Your gross payment status should be restored if there are no other late tax payments or late tax forms delivered in the review period.

Business Assurance Visits

If the Taxman suggests he should visit your business as part of their Business Assurance programme, should you agree? The answer is, almost certainly not!

The Business Assurance programme involves Tax Officers offering to visit new businesses to help them understand what sort of business records they should be keeping. During the visit the Tax Officer will ask the business owner how they record sales, purchases and expenses, how they handle cash, and how they calculate and record drawings or remuneration.

These questions amount to a tax compliance check and any answers you give will be recorded by the Tax Officer. What may not be recorded is any advice given by the Tax Officer in answer to your own questions. For example, you may ask: ‘Is this expense tax allowable?’ If the tax officer gives the wrong answer, and you act on it, you could be penalised in the future for getting it wrong.
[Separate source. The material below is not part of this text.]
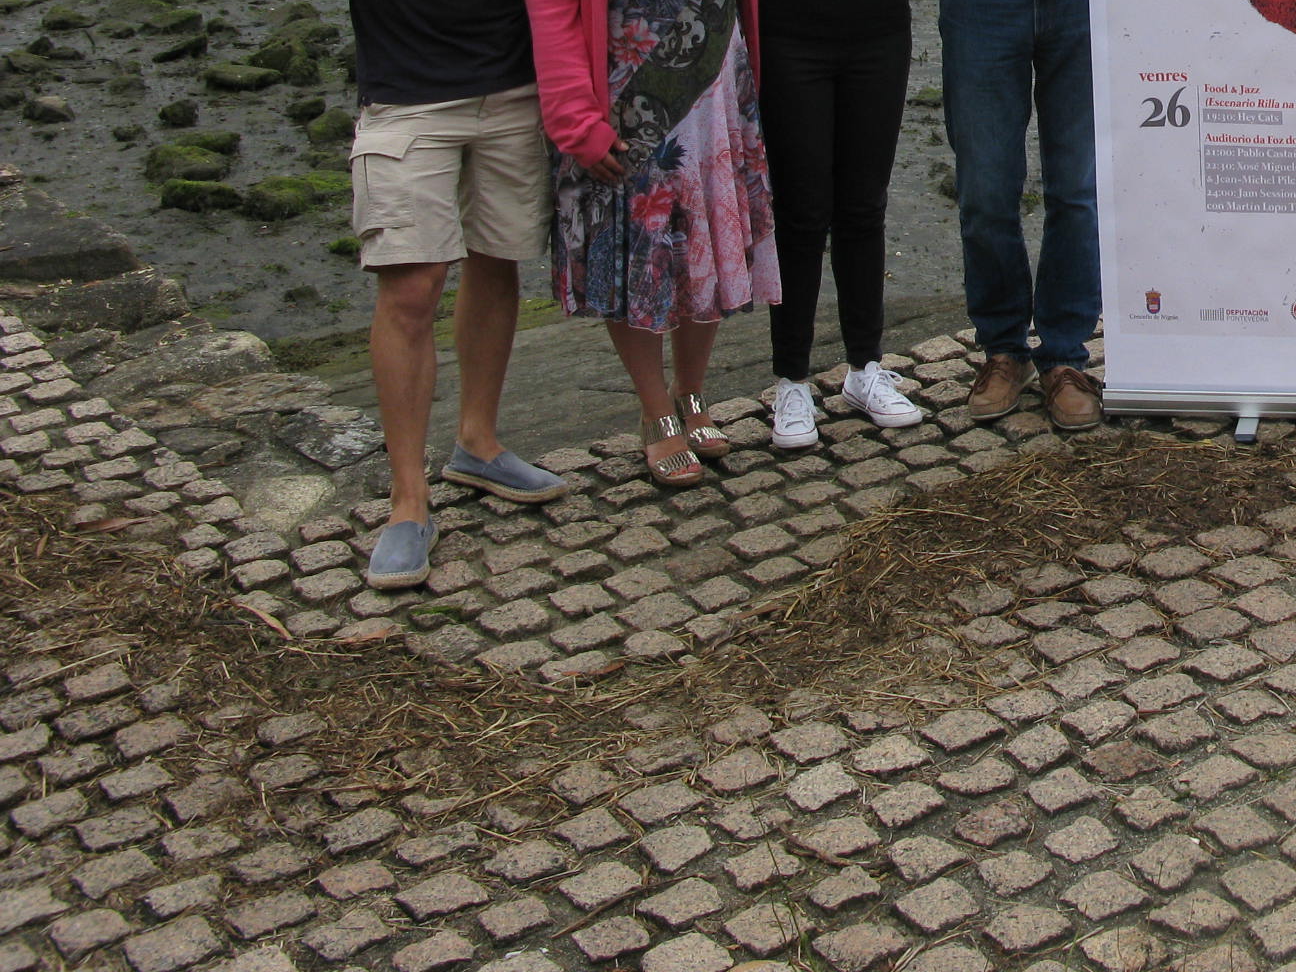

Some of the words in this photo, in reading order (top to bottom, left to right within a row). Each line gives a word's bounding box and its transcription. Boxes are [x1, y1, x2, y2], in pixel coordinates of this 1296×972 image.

Penalties for errors in tax returns are now dependent on your behaviour, so it is crucial that the Taxman does not form the impression that you have a careless approach to keeping business records. If you are offered a business assurance visit, either politely decline, or ask us to be present to ensure you are not tricked into saying something that may incriminate you in a future tax investigation. For any advice you need, you should talk to us, not the Taxman!

VAT on Google Adwords?

Google Adwords is a popular form of marketing for getting your website onto the Google search results page. It is an international service for VAT purposes as it is sold to UK businesses by Google Ireland Ltd from Dublin.

If you are a UK business you should not be charged VAT on the cost of the adwords service, as it subject to the reverse charge regulations. This means, if you are VAT registered you need to add VAT at the standard rate applying in the UK to the adwords cost and add the gross cost to both your purchases and sales for the period. You pay the VAT due as if you had made the sale, and you reclaim the VAT due on your purchase of the same service. The net effect for a VAT registered business should be zero, unless it makes VAT exempt sales.

Certain accounting software programmes need some tweaks to cope with the reverse charge mechanism. Please ask us to check your system if you are not confident that it is processing the VAT on adwords costs correctly.

If you have been charged Irish VAT at 21% on your Google adwords, this may be because Google Ireland Ltd has recorded you as being a personal customer, not a business. If you are a UK business, not necessarily VAT registered, you can reclaim this erroneously charged VAT from Google Ireland Ltd. You cannot reclaim this VAT through the international VAT refunds service operated by HMRC as the VAT should not have been charged by Google in the first place. You should not include the Irish VAT on your UK VAT return as it is not correctly charged VAT.

Please contact us if you want further advice about VAT on international services.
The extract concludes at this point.